I prefer to use allow lists and feature flags to roll those out. What I use this for is internal infrastructure improvements and generic software upgrades. If you're going to change your web server engine, at the end of the day you expect your customer traffic to be the same today as it is tomorrow. This is a really good way to make sure that everything is staying the same. You're updating your JDK and sure it's supposed to work, but this will actually give you evidence that yes, it did actually work the same way and you're not getting something weird coming back to your customers.
The lack of shared state gives us a lot of options with the failure area. One web server goes down, it's not going to affect that many customers or that many requests. Once you take it out of service, it's not going to affect any other requests that are going into any other service. This is only good and well if you don't have to worry about shared state and you're operating a web server, but what happens when you do have shared state? Say you're a durable storage service like S3.
Stateful Deployments: Data Preservation Through Integrity, Consistency, and Durability
For this, I'm going to hand this off to Juan Donna who's going to come in and talk to us about the stateful deployments of S3. Stateful pipelines are those that deploy software to hosts that persist data, and we have to persist this data and keep it available and durable throughout the entire deployment process and beyond. I'm going to walk through what data preservation means, the specific risks to data during deployments, how we mitigate those risks, and dive into the details of how S3 performs maintenance activities on millions of hosts every month.
Let's start with why stateful deployments are different. Everything that George just talked about for stateless pipelines still applies to stateful pipelines. In addition, to preserve the data on these hosts requires careful planning and maintenance and understanding of where the data lives and how it's organized. We are talking about our index hosts. These are the ones that manage and store S3 metadata.
That metadata is used to find the data on our storage nodes, and our storage nodes are where we process the actual data. Stateless hosts don't persist information, every request is independent, so they can be restarted any time. Full hosts, though, we can't randomly restart these servers in parallel. We have to understand exactly what data each host is responsible for and what the redundancy of that data is, the mapping of the redundancy, and ensure data preservation when we take that host offline.
Let's look at the key dimensions for data preservation. Integrity is about making sure that the data stays accurate and trustworthy over time. Think about it like a bank that guarantees that your transaction records are not tampered with or altered. Consistency means everyone sees the same information at the same time. Like when you're shopping on Amazon.com, you put something in the cart on your phone, go to your laptop, it's still there. Everything is the same. That's consistency.
Resiliency is the ability to recover from loss. It's similar to when you keep your photos in multiple places on your phone, backed up on your local storage, stored in the cloud. You're making your data resilient against failure. The more copies you have in different places, the better the tolerance to failure. Finally, data durability is the ability to protect data from loss or corruption over time, ensuring it remains intact and consistent even in the face of failure.
It's measured in terms of probability of loss, and of course, as you must have heard multiple times, Amazon S3 is engineered for 11 nines of durability.
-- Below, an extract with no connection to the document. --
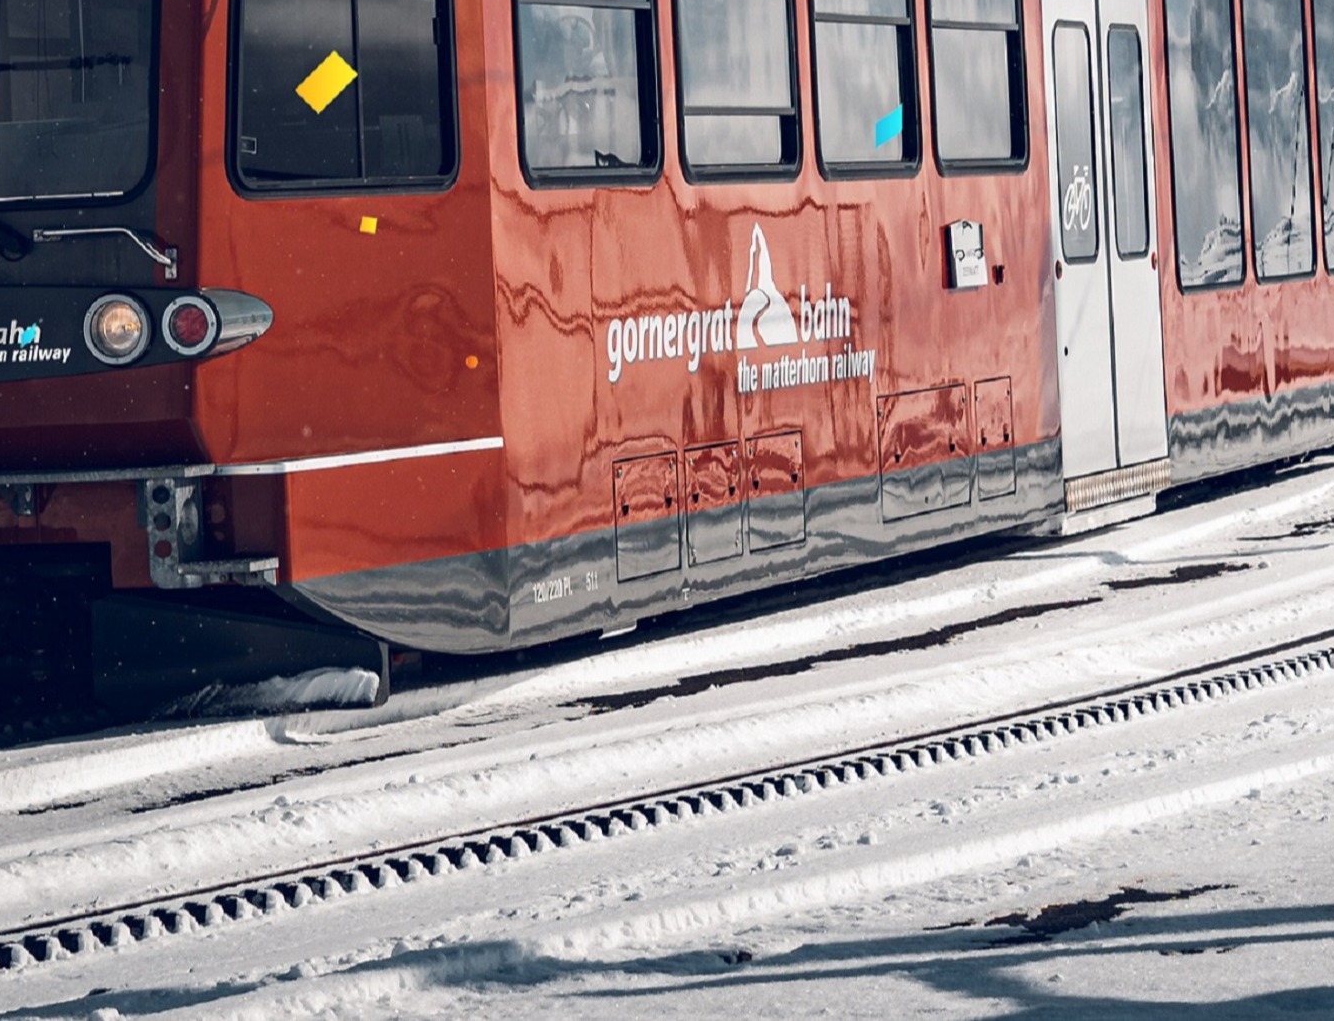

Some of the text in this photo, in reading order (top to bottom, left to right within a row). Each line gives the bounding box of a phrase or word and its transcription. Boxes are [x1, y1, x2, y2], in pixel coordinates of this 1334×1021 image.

[12, 345, 71, 364] railway
[606, 282, 851, 383] gornergrat bahn
[737, 342, 875, 393] the matterhorn railway
Data durability considerations are a continuous process from design and implementation to deployment. Every time we build a new feature or a new service, we do durability reviews. This helps promote a durability culture among teams, implement mechanisms to keep our customers' data durable, and provide real-time visibility into factors that threaten data durability. One of the areas of focus during these reviews is deployments and having clear paths for both successful and failed deployments.
Successful and failed deployments require the ability to roll back and roll forward without impacting any data. The goal is that data must stay available before, during, and after deployments. To preserve data integrity, we use several specific methods. End-to-end checksums work like digital fingerprints that travel with your data everywhere it goes, from the moment you upload it through all our processing, storage, and yes, even through deployments. They help detect bit flips in memory and bit rot on disk, and background processes can use them to validate the accuracy of the data.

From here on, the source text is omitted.